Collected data
=-=-=-=-=

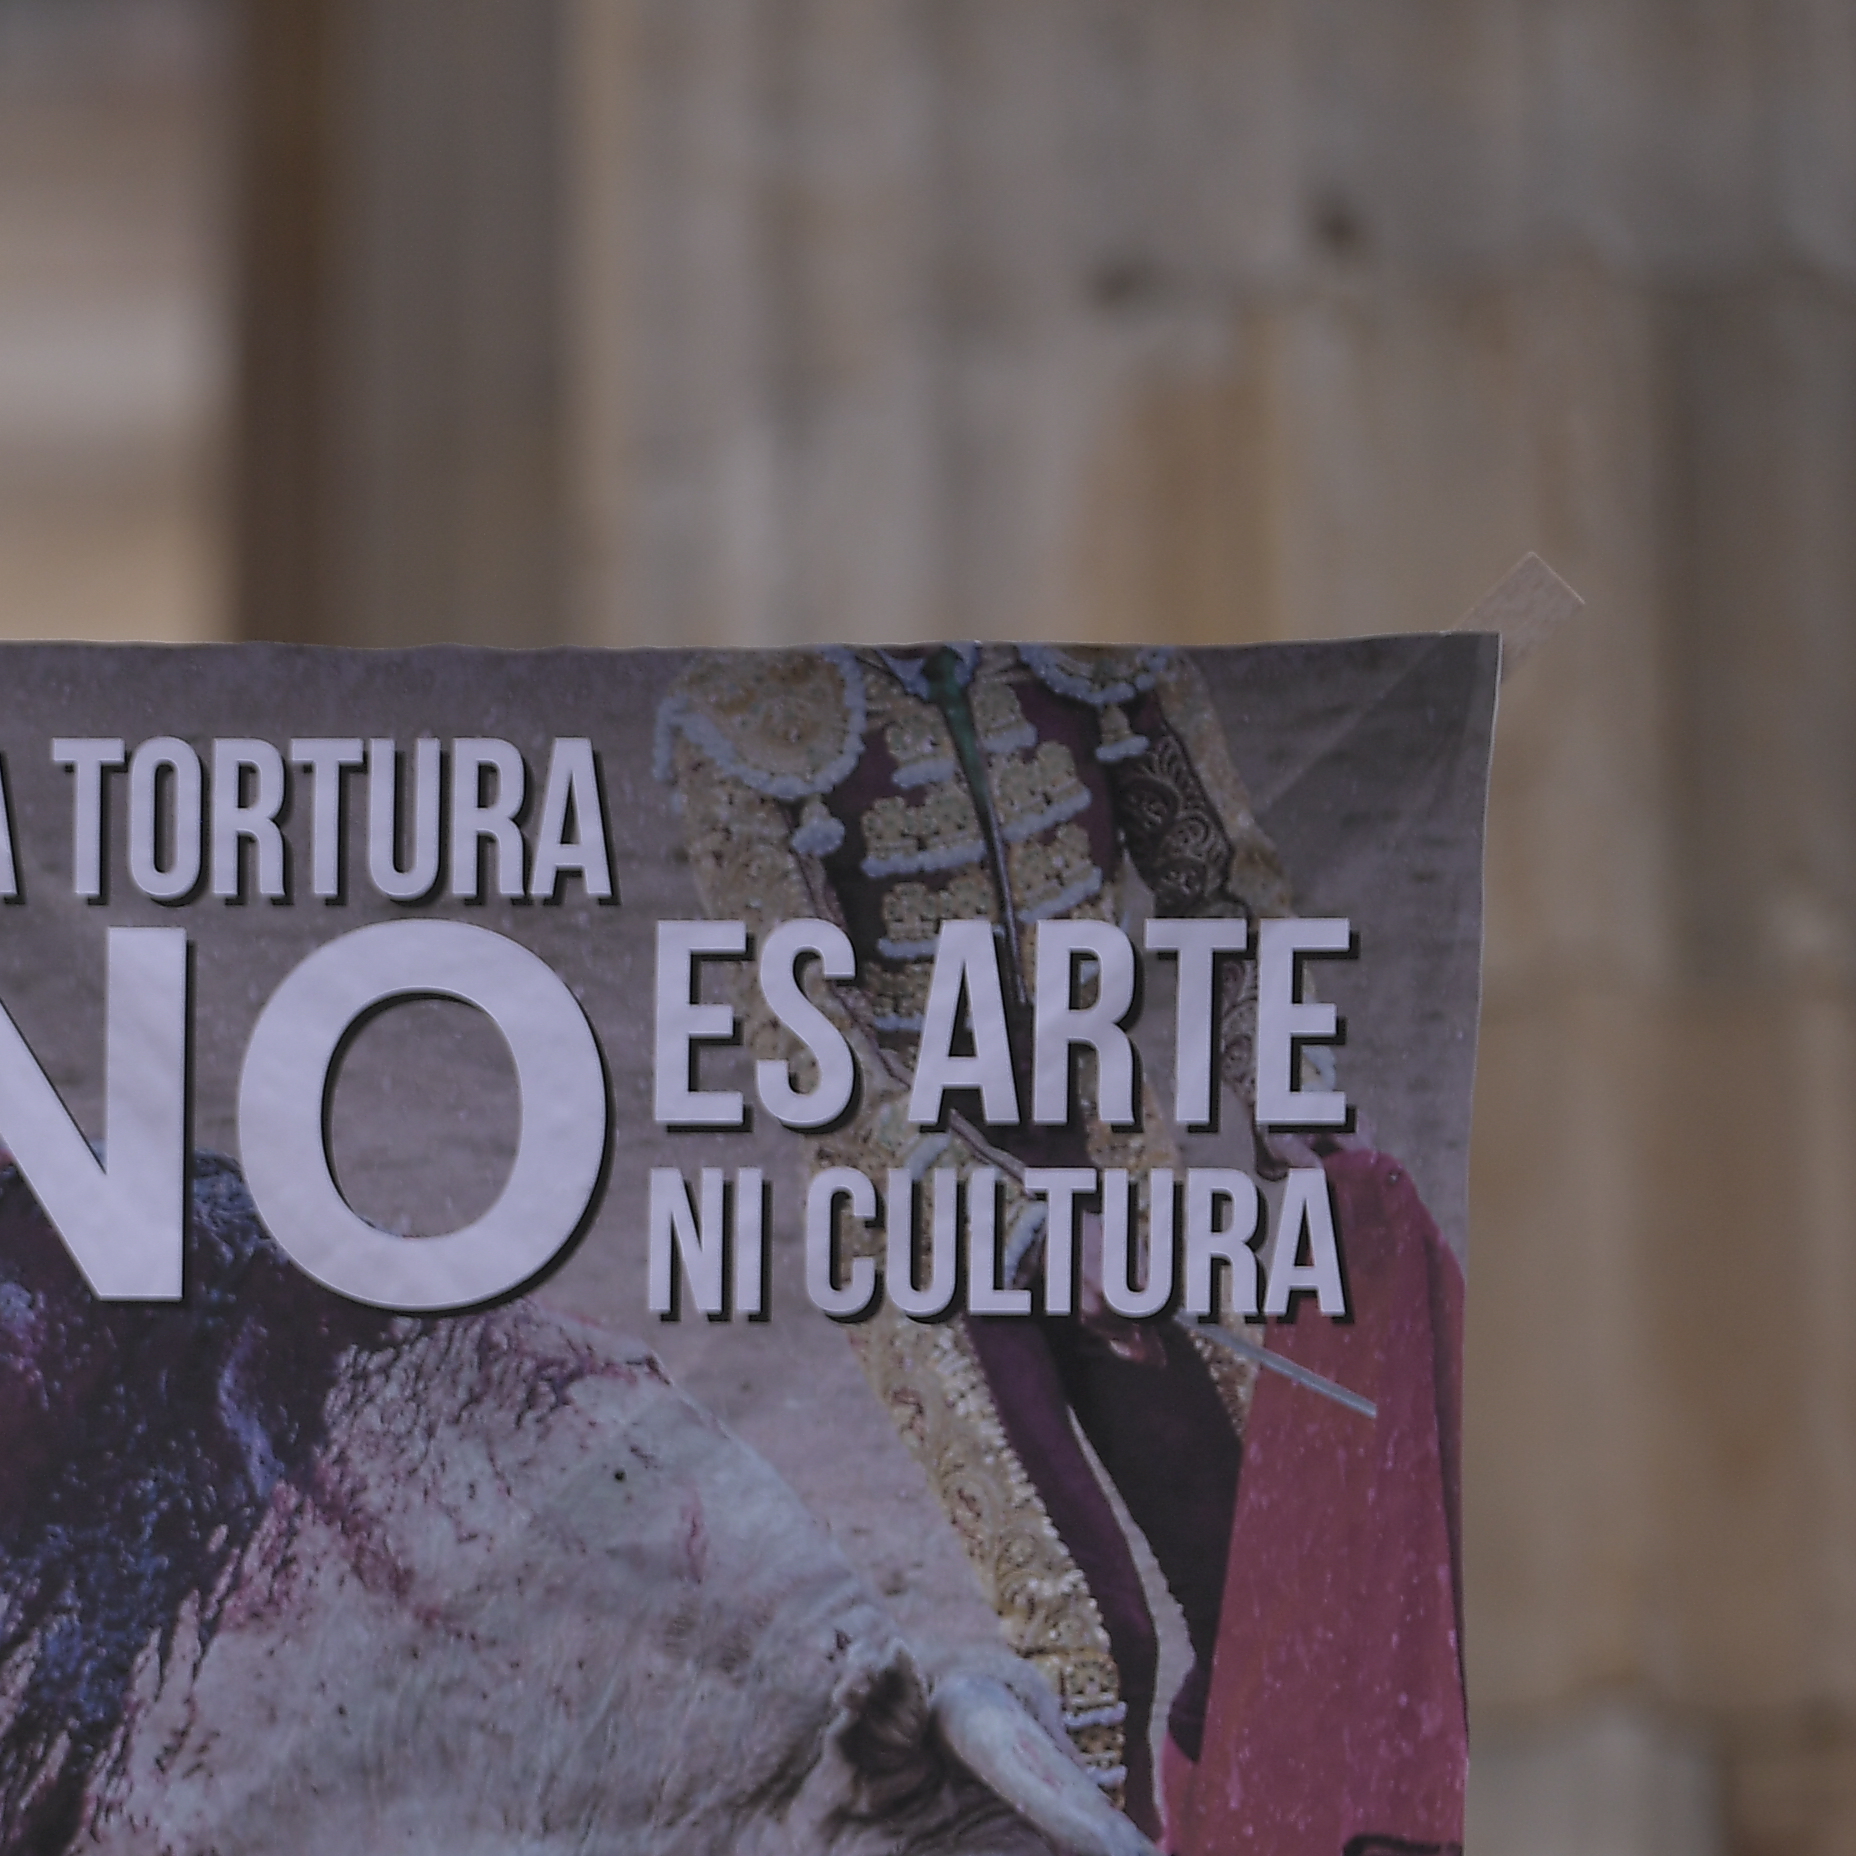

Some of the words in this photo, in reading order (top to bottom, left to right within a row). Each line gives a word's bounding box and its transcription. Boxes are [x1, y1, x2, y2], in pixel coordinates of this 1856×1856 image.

[52, 737, 613, 901] TORTURA
[654, 918, 856, 1130] ES
[910, 916, 1352, 1125] ARTE
[647, 1171, 763, 1315] NI
[804, 1166, 1346, 1318] CULTURA
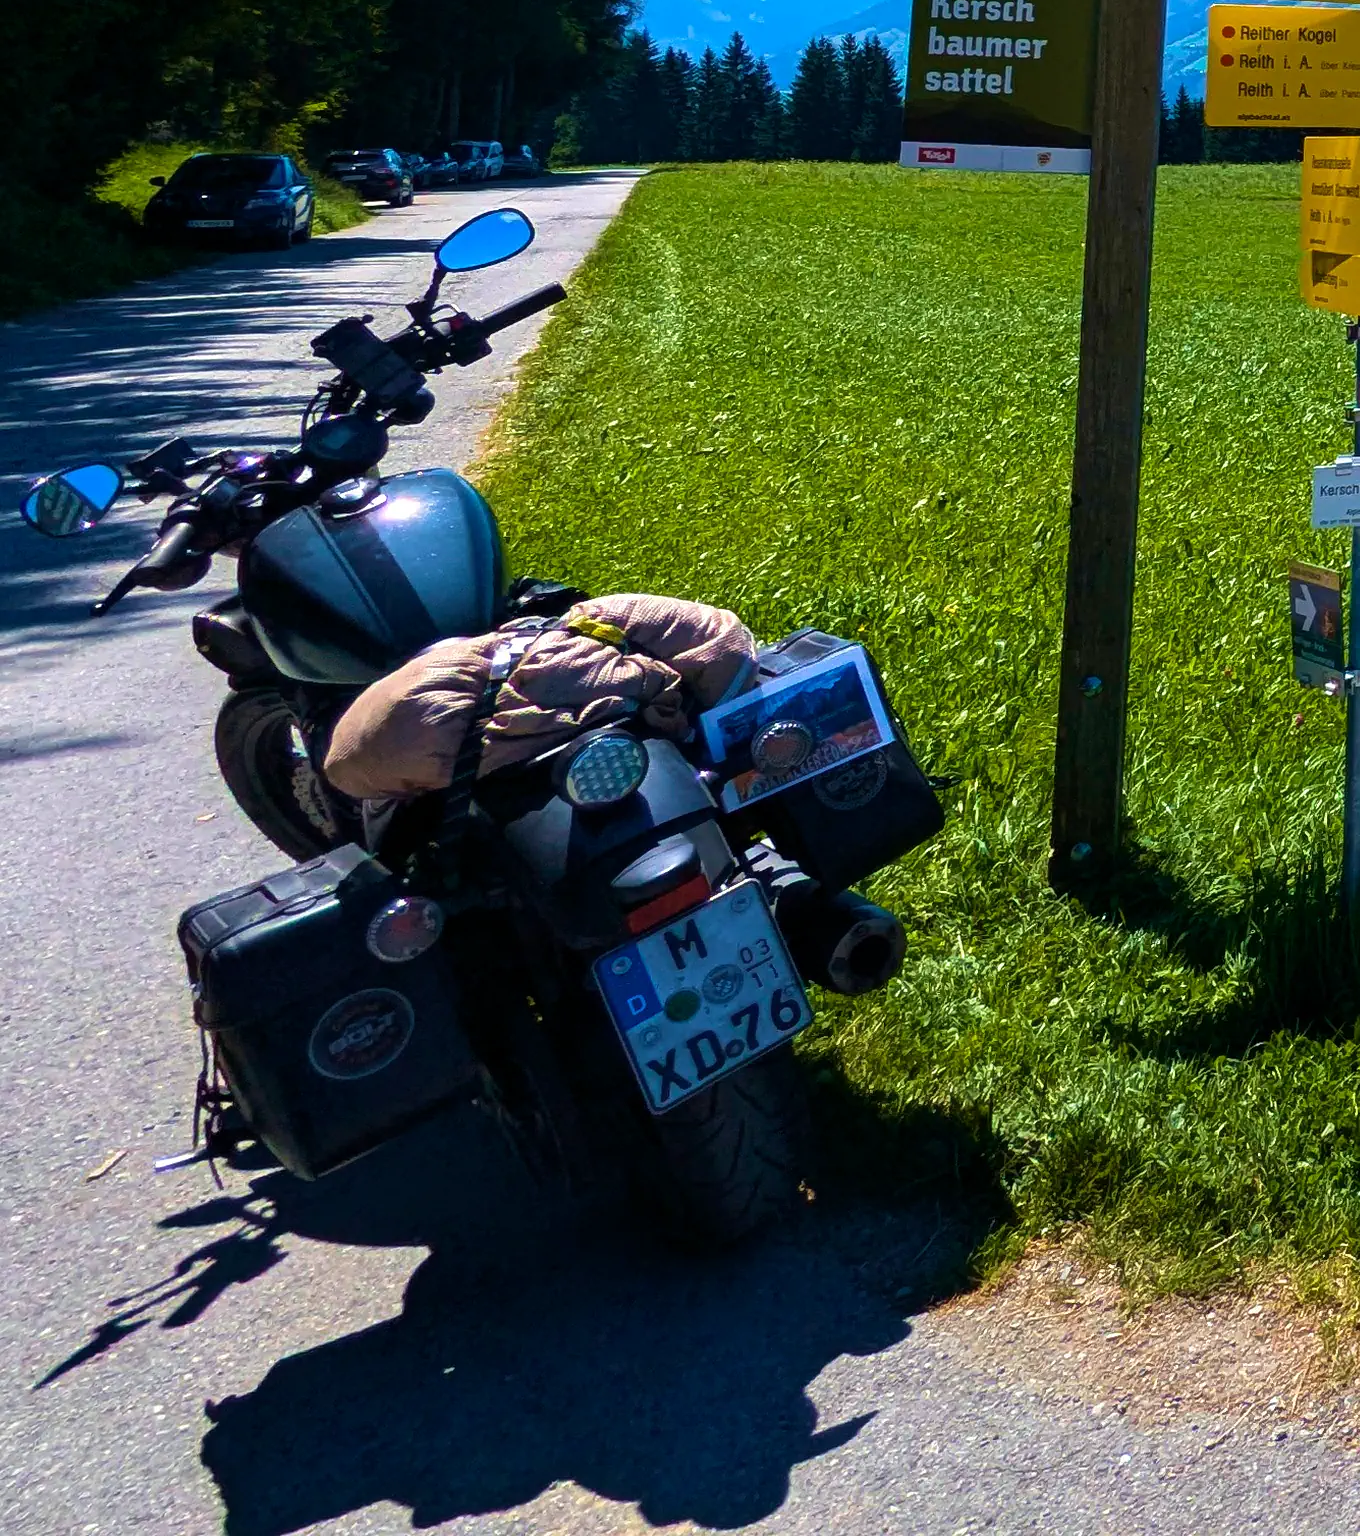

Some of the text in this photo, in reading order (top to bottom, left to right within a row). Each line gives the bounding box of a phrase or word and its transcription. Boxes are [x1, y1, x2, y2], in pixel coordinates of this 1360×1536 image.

[928, 26, 1048, 59] baumer
[1240, 26, 1290, 41] Reither
[1298, 27, 1336, 44] Kogel
[1239, 54, 1275, 69] Reith
[1283, 55, 1291, 69] i.
[1299, 55, 1312, 69] A.
[925, 66, 1013, 94] sattel
[1238, 82, 1273, 97] Reith
[1283, 83, 1290, 98] i.
[1298, 83, 1311, 98] A.
[663, 918, 708, 970] M
[740, 938, 771, 964] 03
[752, 963, 779, 988] 11
[626, 994, 647, 1015] D
[646, 987, 801, 1103] XD 76

=-=-=-=-=

Work task -
Reproduce every entry above in full and exactly, though not its pictures.

Answer space -
Some of the words in this photo, in reading order (top to bottom, left to right within a row). Each line gives a word's bounding box and its transcription. Boxes are [x1, y1, x2, y2], in pixel coordinates of this 1856×1856 image.

[52, 737, 613, 901] TORTURA
[654, 918, 856, 1130] ES
[910, 916, 1352, 1125] ARTE
[647, 1171, 763, 1315] NI
[804, 1166, 1346, 1318] CULTURA

Some of the text in this photo, in reading order (top to bottom, left to right within a row). Each line gives the bounding box of a phrase or word and its transcription. Boxes are [x1, y1, x2, y2], in pixel coordinates of this 1360×1536 image.

[928, 26, 1048, 59] baumer
[1240, 26, 1290, 41] Reither
[1298, 27, 1336, 44] Kogel
[1239, 54, 1275, 69] Reith
[1283, 55, 1291, 69] i.
[1299, 55, 1312, 69] A.
[925, 66, 1013, 94] sattel
[1238, 82, 1273, 97] Reith
[1283, 83, 1290, 98] i.
[1298, 83, 1311, 98] A.
[663, 918, 708, 970] M
[740, 938, 771, 964] 03
[752, 963, 779, 988] 11
[626, 994, 647, 1015] D
[646, 987, 801, 1103] XD 76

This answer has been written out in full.